→ **What is needed**: Images in the records should be skipped while the rest is transcribed verbatim.

(Annotated photo localization data)
===============
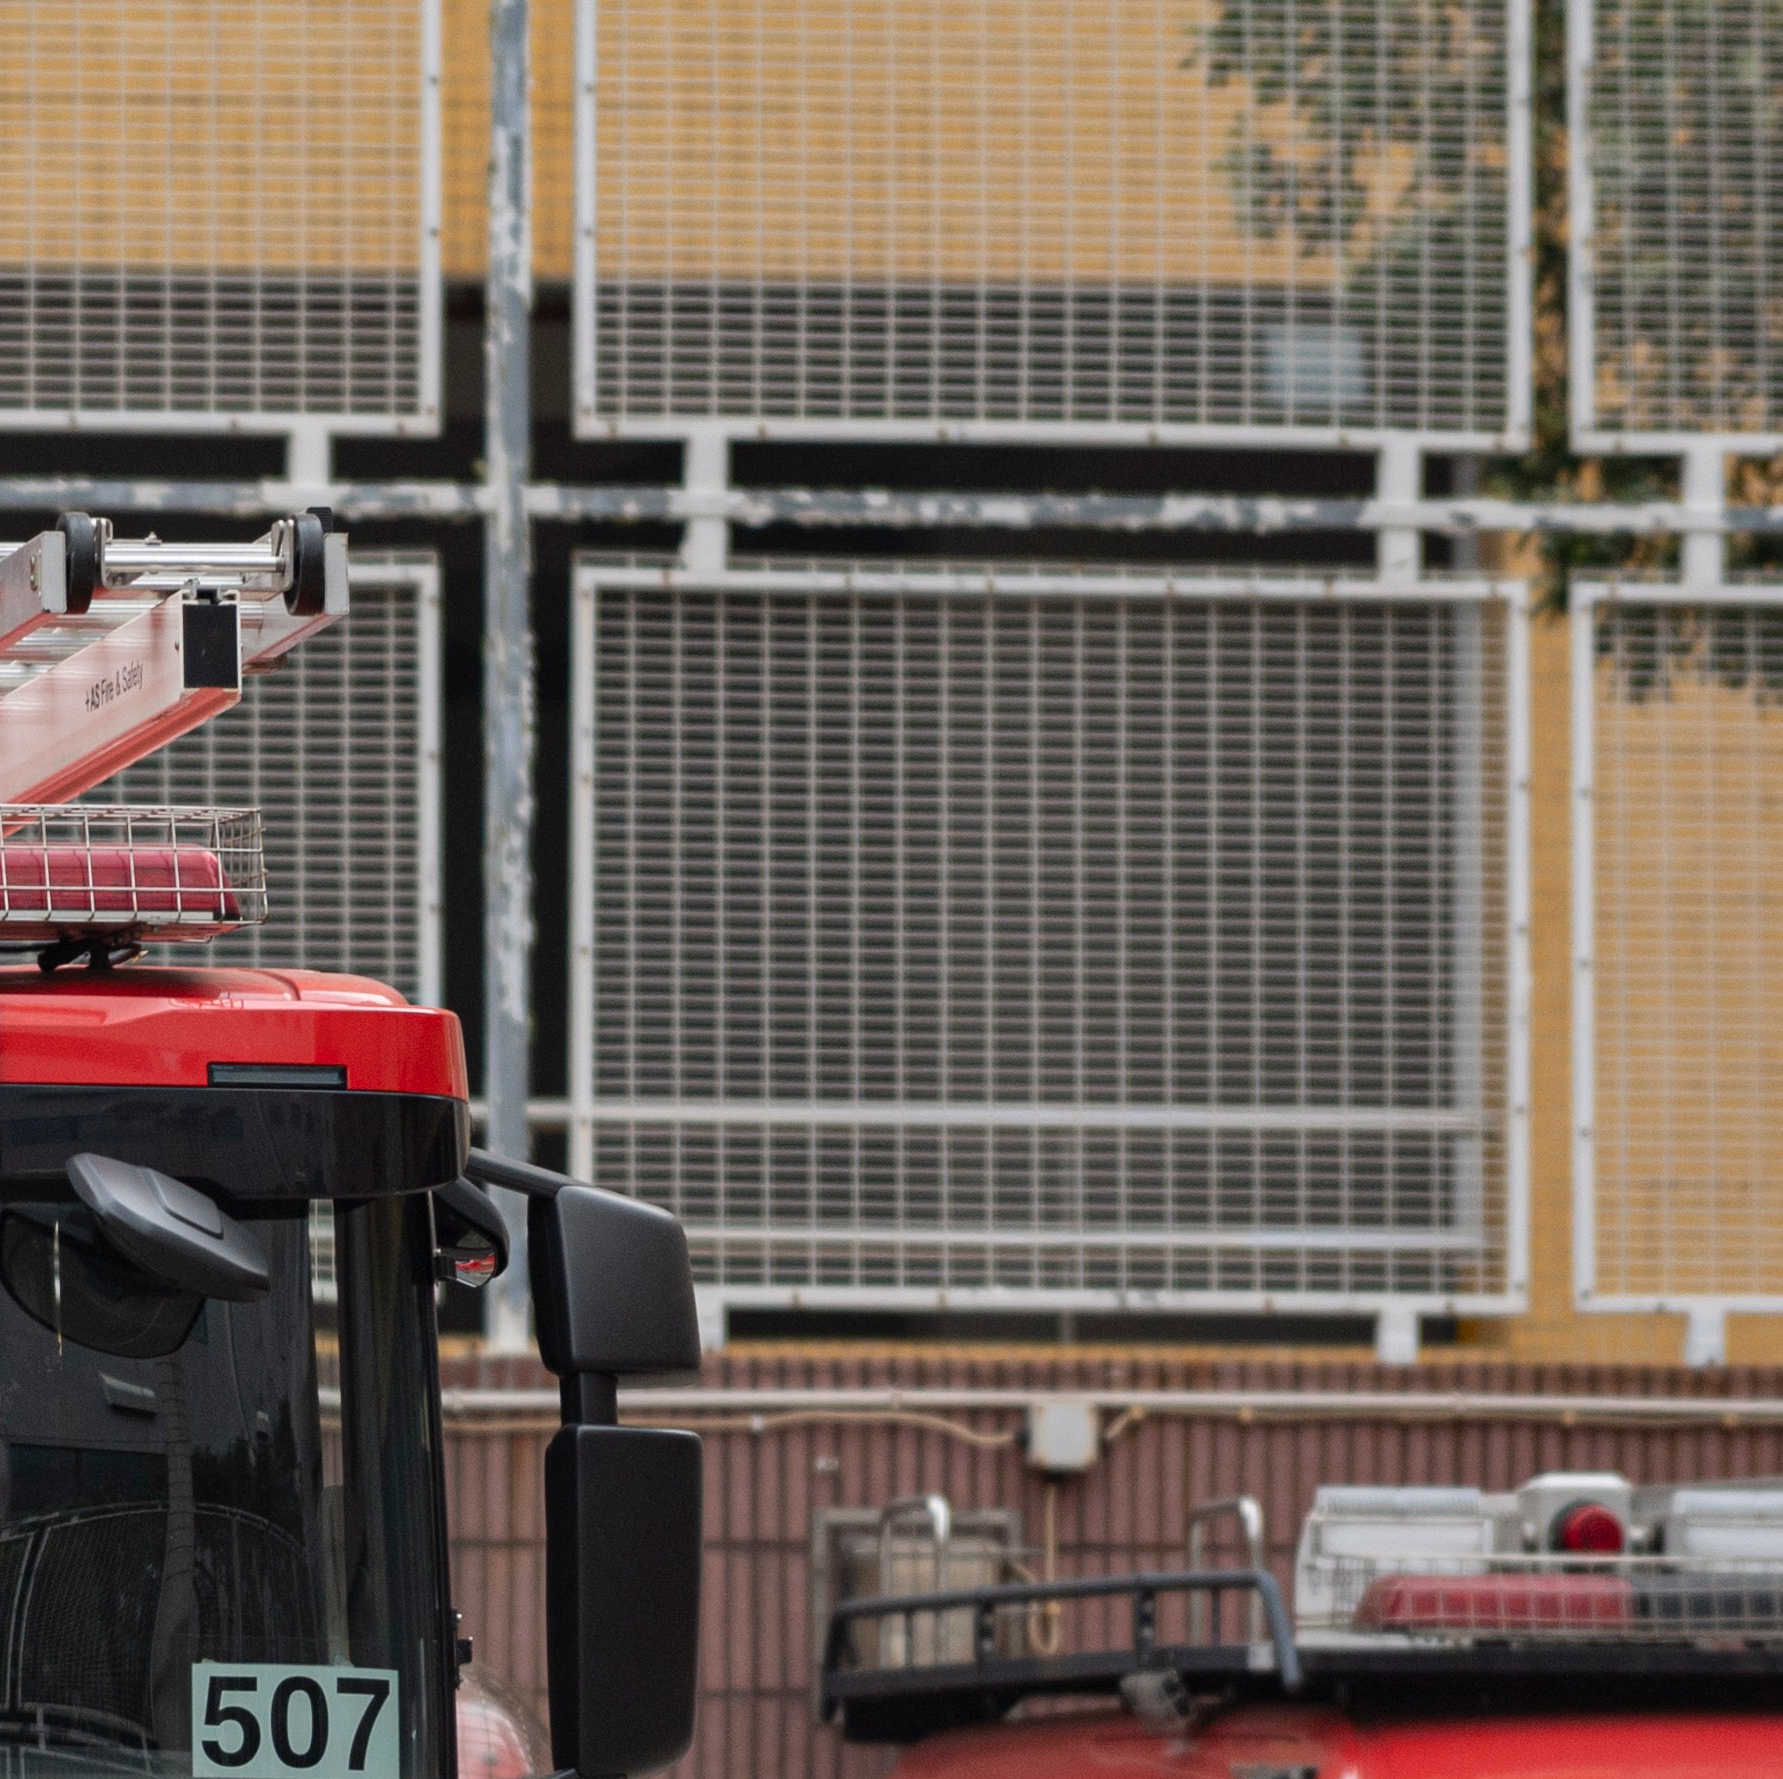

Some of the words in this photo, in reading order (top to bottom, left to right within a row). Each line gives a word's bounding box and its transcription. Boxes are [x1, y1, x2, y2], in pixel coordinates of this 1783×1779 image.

[101, 678, 114, 705] Fire
[115, 670, 121, 697] &
[122, 660, 144, 693] Safety
[201, 1676, 390, 1771] 507
===============
→ **Finished exercise**:
Some of the words in this photo, in reading order (top to bottom, left to right within a row). Each line gives a word's bounding box and its transcription. Boxes are [x1, y1, x2, y2], in pixel coordinates of this 1783×1779 image.

[101, 678, 114, 705] Fire
[115, 670, 121, 697] &
[122, 660, 144, 693] Safety
[201, 1676, 390, 1771] 507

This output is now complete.